In the course of the raid, the sheriff and his deputies seized from the tables at which plaintiffs were seated certain dice, dominoes, playing cards, lottery tickets, and money in the amount оf $6,248.35. The county of Contra Costa filed a petition in the superior court praying for an order authorizing destruction of the gambling paraphernalia and forfeiture of the money. Plaintiffs in turn brought suit against the sheriff, Long, and the district attorney, Collins, for the return of the money. The two cases were tried upon the same evidence. The court ordered confiscation of the gambling paraphernalia but with respect tо the money, it denied both the county’s petition for forfeiture and also plaintiffs’ prayer for its return.
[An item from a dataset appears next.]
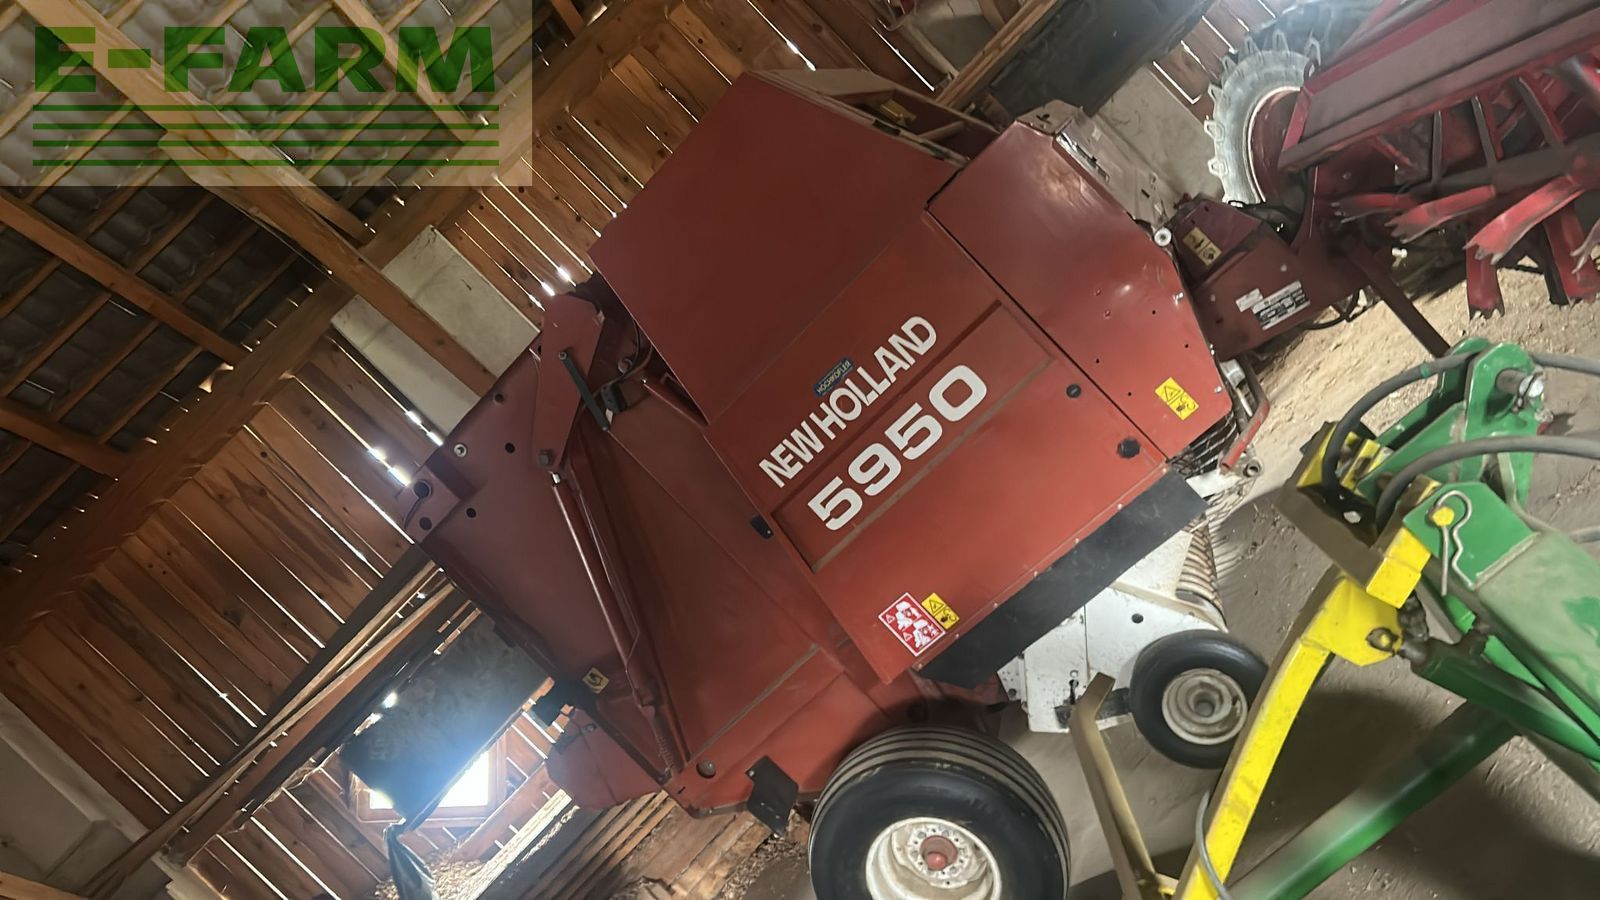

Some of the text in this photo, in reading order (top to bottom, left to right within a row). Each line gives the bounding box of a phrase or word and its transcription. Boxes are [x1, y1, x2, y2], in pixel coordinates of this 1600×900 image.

[759, 316, 937, 488] NEW HOLLAND
[808, 365, 987, 531] 5950
In the disposition of plaintiffs’ action, the trial court found, in accord with the undisputed testimony of the sheriff, defendant Long, that the money was seized from gambling tables where it was “in use in gambling games”; that plaintiffs had pleaded guilty to the violation of section 330 of the Penal Code and each had paid a fine of $250; that the money had been deposited by defendant Long with the county treasurer, and that plaintiffs had failed to file a claim “against defendants in their official capacity . . . pursuant to the requirements of Section 29704 of the Government Code.” Upon these findings, the court concluded that plaintiffs’ claim was barred by their failure to comply with said section 29704; that the money “at the time of [its] seizure” was being “used in violation of the [state] gаming laws”; and that “the law will not lend its support to a claim founded on its own violation.” Prom the adverse judgment accordingly entered, plaintiffs have appealed.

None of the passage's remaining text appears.